Her answer: Nowhere near.

Last year, the total water used (plus water lost to evaporation) was 3 million acre-feet more than what the river actually carried. That’s possible because the region is drawing heavily from the Colorado’s giant reservoirs, where water levels are dropping.

How much is that overdraft? It’s nearly as much as all the water that flowed from 19 million people’s taps across Southern California last year.

“This year, there’s going to be even less water available,” Castle said.

Indeed, there is so little snow in the Rocky Mountains that this spring and summer, the runoff reaching Lake Powell, the nation’s second largest reservoir, is expected to be just 13% of average, the lowest on record. That’s according to the latest .

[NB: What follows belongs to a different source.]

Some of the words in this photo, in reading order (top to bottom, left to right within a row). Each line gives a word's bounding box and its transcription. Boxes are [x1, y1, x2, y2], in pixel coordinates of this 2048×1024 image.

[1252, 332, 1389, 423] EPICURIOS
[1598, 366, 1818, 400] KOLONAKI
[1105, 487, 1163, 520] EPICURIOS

Lake Powell is now just 24% full, so low that the Trump administration is taking emergency measures, releasing extra water from another reservoir upstream to raise the lake level.

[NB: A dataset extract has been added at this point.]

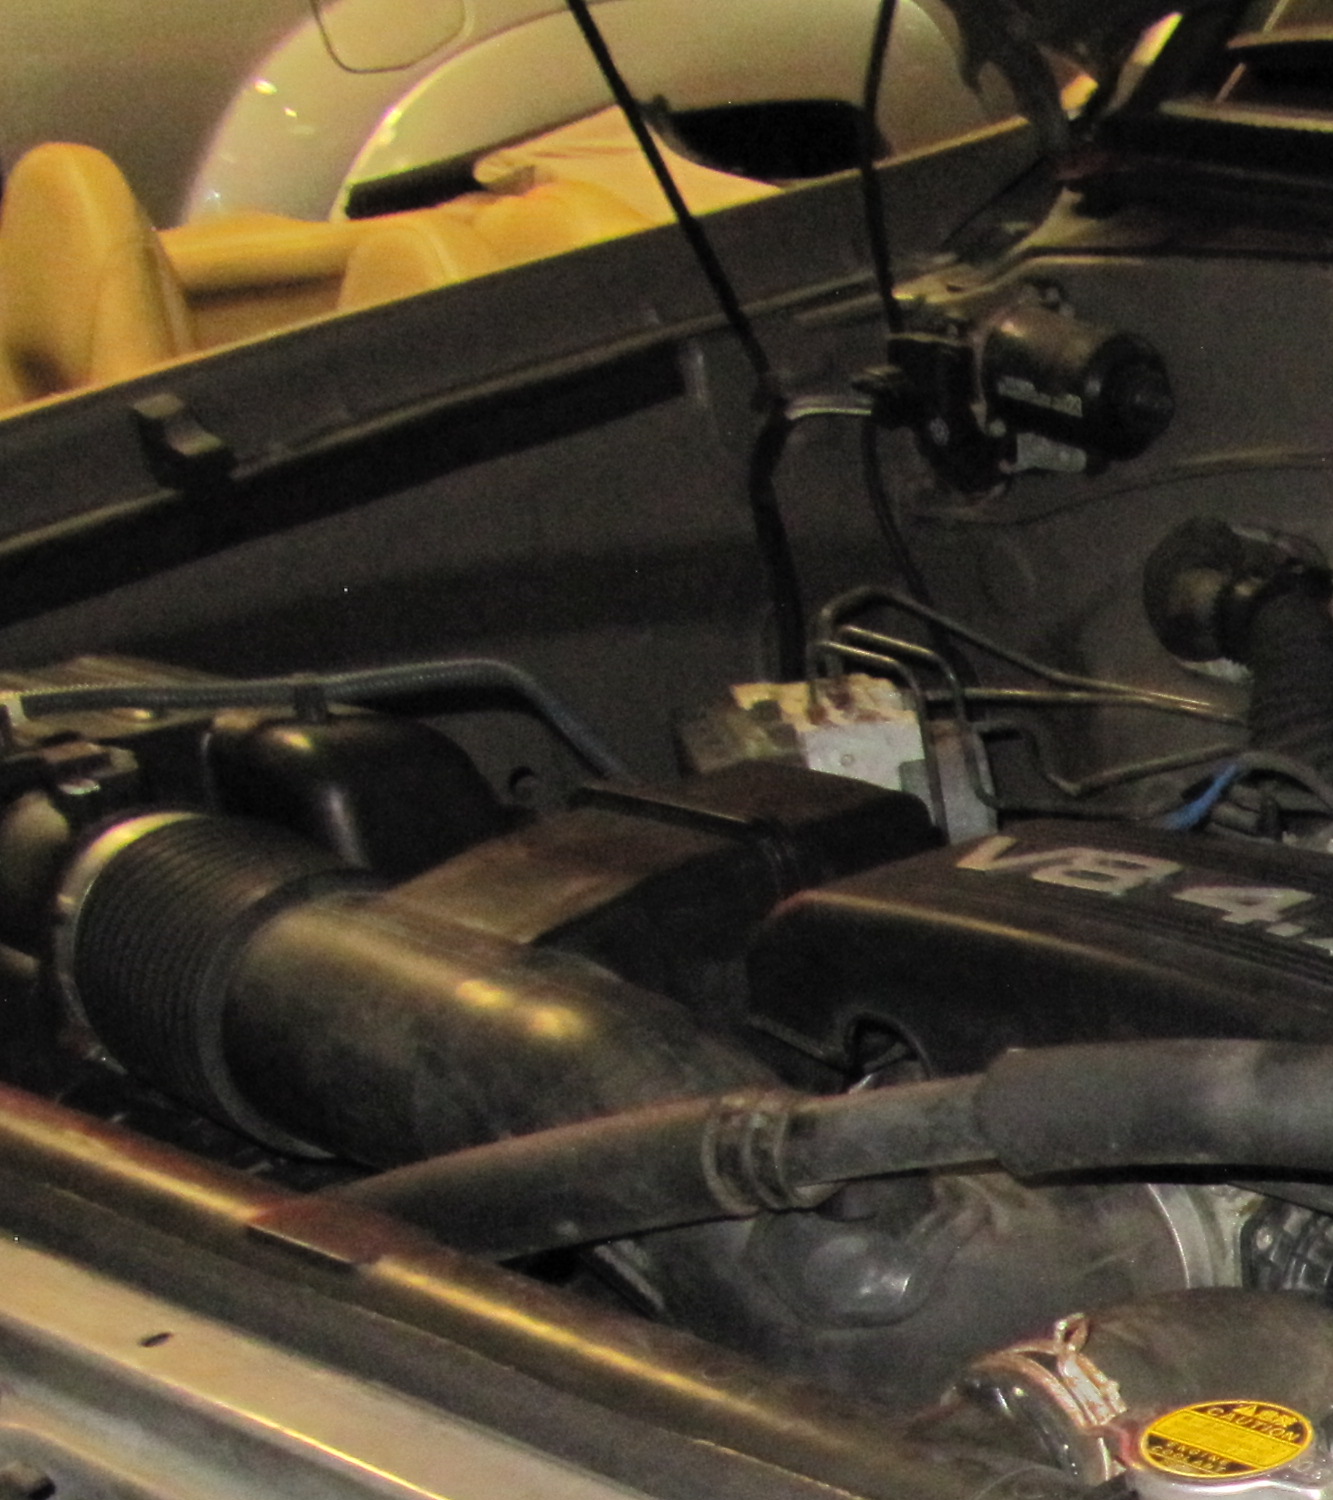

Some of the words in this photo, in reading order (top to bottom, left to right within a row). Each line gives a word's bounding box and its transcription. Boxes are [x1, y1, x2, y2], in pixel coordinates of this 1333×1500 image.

[957, 836, 1186, 896] V8
[1207, 1407, 1301, 1442] CAUTION
[1166, 1440, 1230, 1466] ENGINE

“That’s just a one-time fix. It helps us this year, but it doesn’t do anything to solve the gap between supply and demand,” Castle said. “We haven’t solved the gap.”

To address the shortage, she said, seven western states really need to cut water usage between 3 million and 4 million acre-feet per year — one-fourth or more of the region’s total annual water use.

Negotiators for California, Arizona and Nevada have offered to use roughly 1.6 million acre-feet less annually over the next two years.

“It’s a step in the right direction, no doubt about it, but it’s not enough. And the river will make us use less water eventually,” Castle said.

In Southern California, cities get nearly one-fourth of their water from the Colorado.

During the webinar organized by the UCLA Luskin Center for Innovation, other experts and state officials agreed that the responses to date are insufficient to deal with the river’s long-term “math problem.”

The 1922 agreement that divided the water among the states doled out more than was actually flowing, and since 2000, the river has shrunk dramatically as climate change intensifies dry conditions in the Rocky Mountains.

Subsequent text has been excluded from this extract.